#### Required work
Using the records that follow, tally the lines containing the word "Greifenburg" and state only the count.

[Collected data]
....................
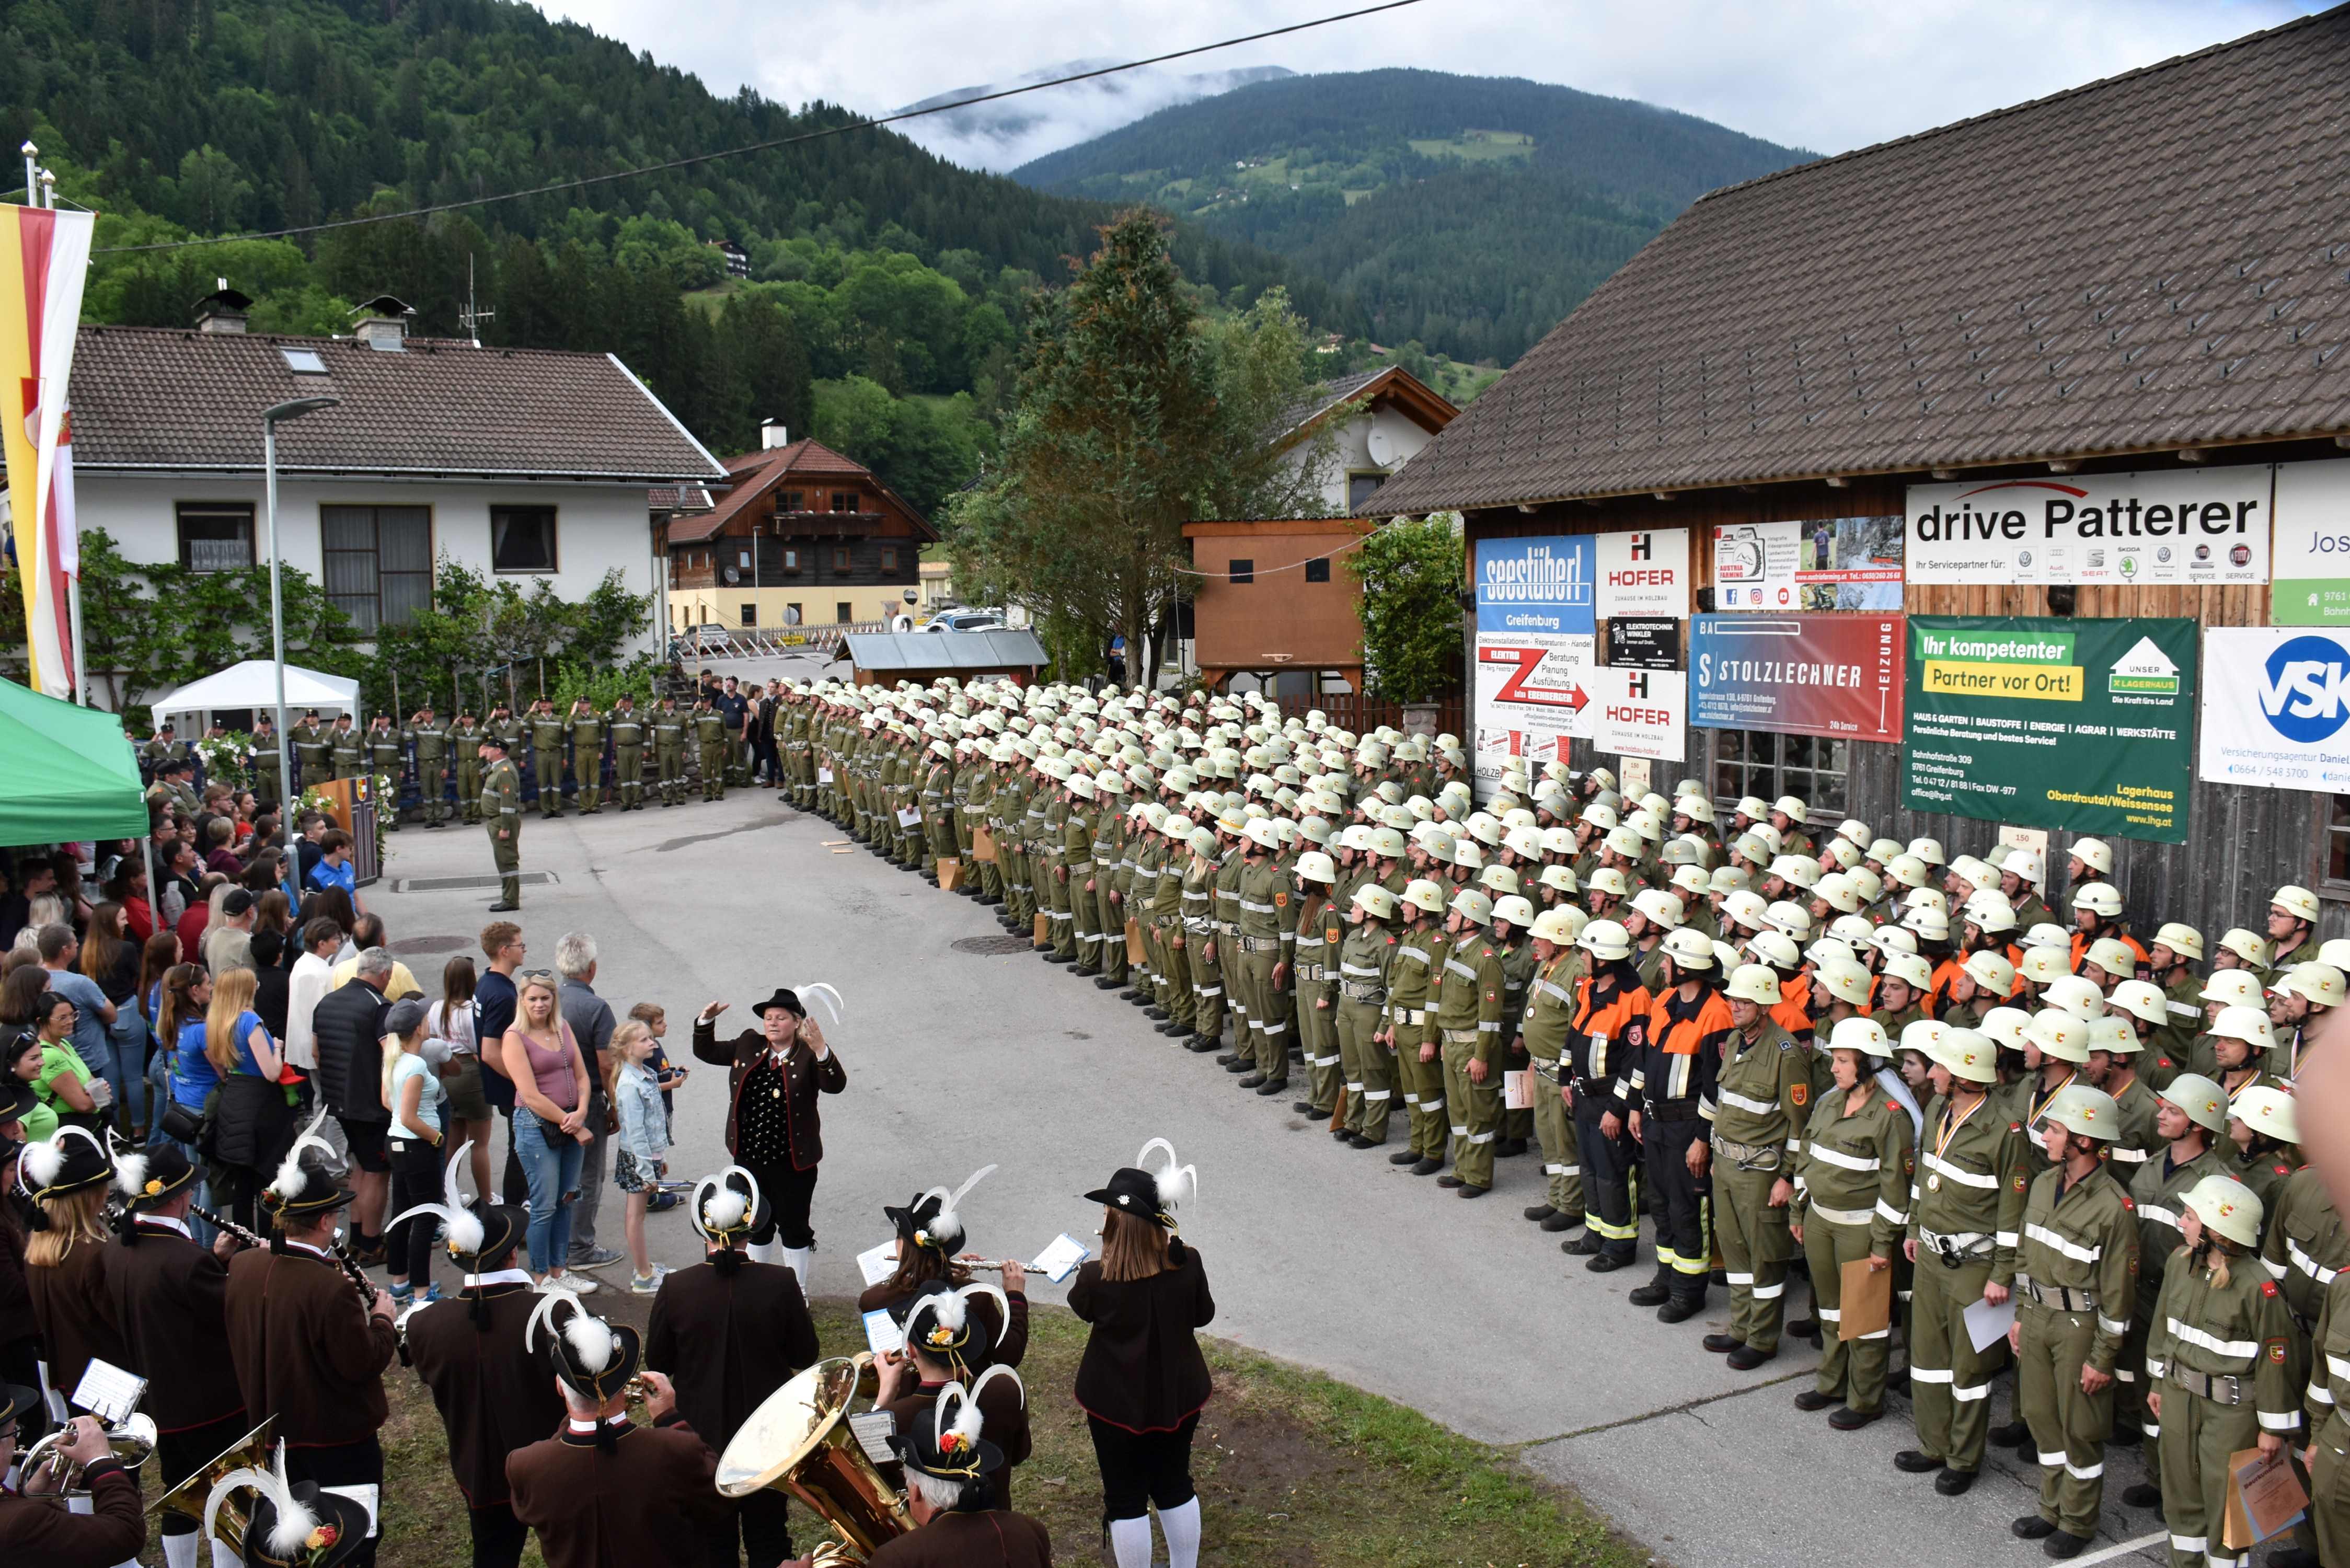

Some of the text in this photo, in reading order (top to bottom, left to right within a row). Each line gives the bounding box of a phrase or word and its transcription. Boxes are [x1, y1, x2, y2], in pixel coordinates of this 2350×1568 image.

[1917, 499, 2257, 541] drive Patterer
[1487, 545, 1581, 602] seestüberl
[1916, 560, 2005, 572] Ihr Servicepartner für:
[1609, 570, 1673, 586] HOFER
[2324, 592, 2346, 601] 9761
[1506, 614, 1560, 629] Greifenburg
[1479, 637, 1528, 645] Elektroinstallationen
[1535, 638, 1566, 648] Reparaturen
[1923, 636, 2066, 661] Ihr kompetenter
[1491, 650, 1519, 660] ELEKTRO
[1549, 653, 1579, 664] Beratung
[1542, 665, 1568, 676] Planung
[1719, 661, 1861, 688] STOLZLECHNER
[1533, 677, 1570, 689] Ausführung
[1933, 668, 2070, 693] Partner vor Ort!
[2122, 680, 2175, 689] LAGERHAUS
[1606, 706, 1670, 726] HOFER
[1829, 720, 1858, 731] 24h Service
[1914, 712, 1931, 722] HAUS
[1938, 714, 1968, 725] GARTEN
[1976, 718, 2021, 729] BAUSTOFFE
[2030, 721, 2065, 733] ENERGIE
[2075, 725, 2106, 735] AGRAR
[2116, 727, 2176, 740] WERKSTÄTTE
[1913, 725, 2057, 746] Persönliche Beratung und bestes Service!
[1614, 744, 1661, 756] www.holzbau-hofer.at
[1913, 750, 1972, 764] Bahnhofstraße 309
[2221, 747, 2317, 763] Versicherungsagentur
[1912, 762, 1964, 778] 9761 Greifenburg
[2234, 764, 2256, 774] 0664
[2267, 766, 2283, 776] 548
[2286, 768, 2308, 778] 3700
[1911, 775, 1922, 784] Tel.
[1972, 783, 1985, 792] Fax
[1986, 784, 1999, 793] DW
[2000, 786, 2017, 795] -977
[2117, 784, 2174, 800] Lagerhaus
[1911, 788, 1952, 801] office@lhg.at
[2047, 790, 2173, 813] Oberdrautal/Weissensee
[2126, 814, 2172, 828] www.lhg.at
[2243, 1459, 2284, 1490] Beurkundung
....................
#### Response below
2